- **EXERCISE**: Repeat all of the data word for word so that only the pictures are missing from the copy.

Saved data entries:
========================
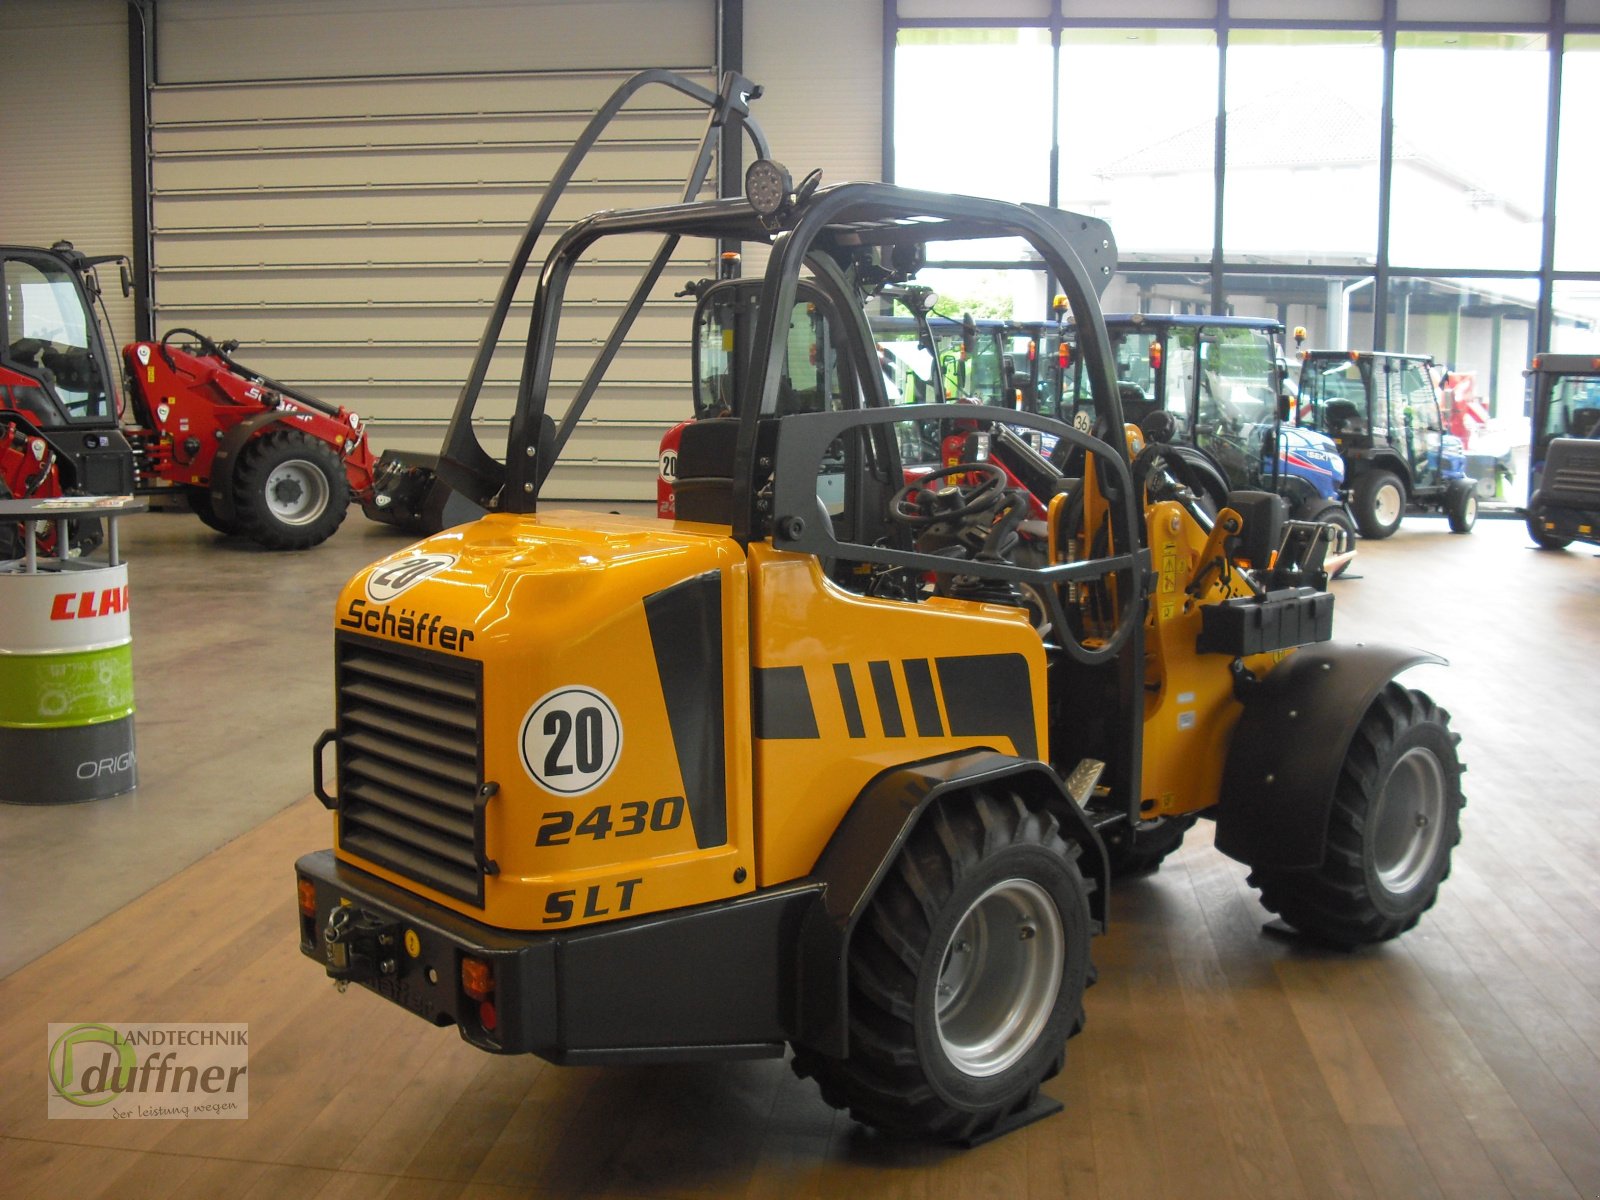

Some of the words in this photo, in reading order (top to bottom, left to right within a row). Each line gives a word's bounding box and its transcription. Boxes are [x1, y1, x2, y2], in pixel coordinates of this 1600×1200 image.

[373, 558, 445, 589] 20
[341, 599, 475, 652] Schäffer
[543, 706, 604, 777] 20
[534, 796, 685, 847] 2430
[542, 878, 643, 924] SLT
========================
- **WRITTEN ANSWER**:
Some of the words in this photo, in reading order (top to bottom, left to right within a row). Each line gives a word's bounding box and its transcription. Boxes are [x1, y1, x2, y2], in pixel coordinates of this 1600×1200 image.

[373, 558, 445, 589] 20
[341, 599, 475, 652] Schäffer
[543, 706, 604, 777] 20
[534, 796, 685, 847] 2430
[542, 878, 643, 924] SLT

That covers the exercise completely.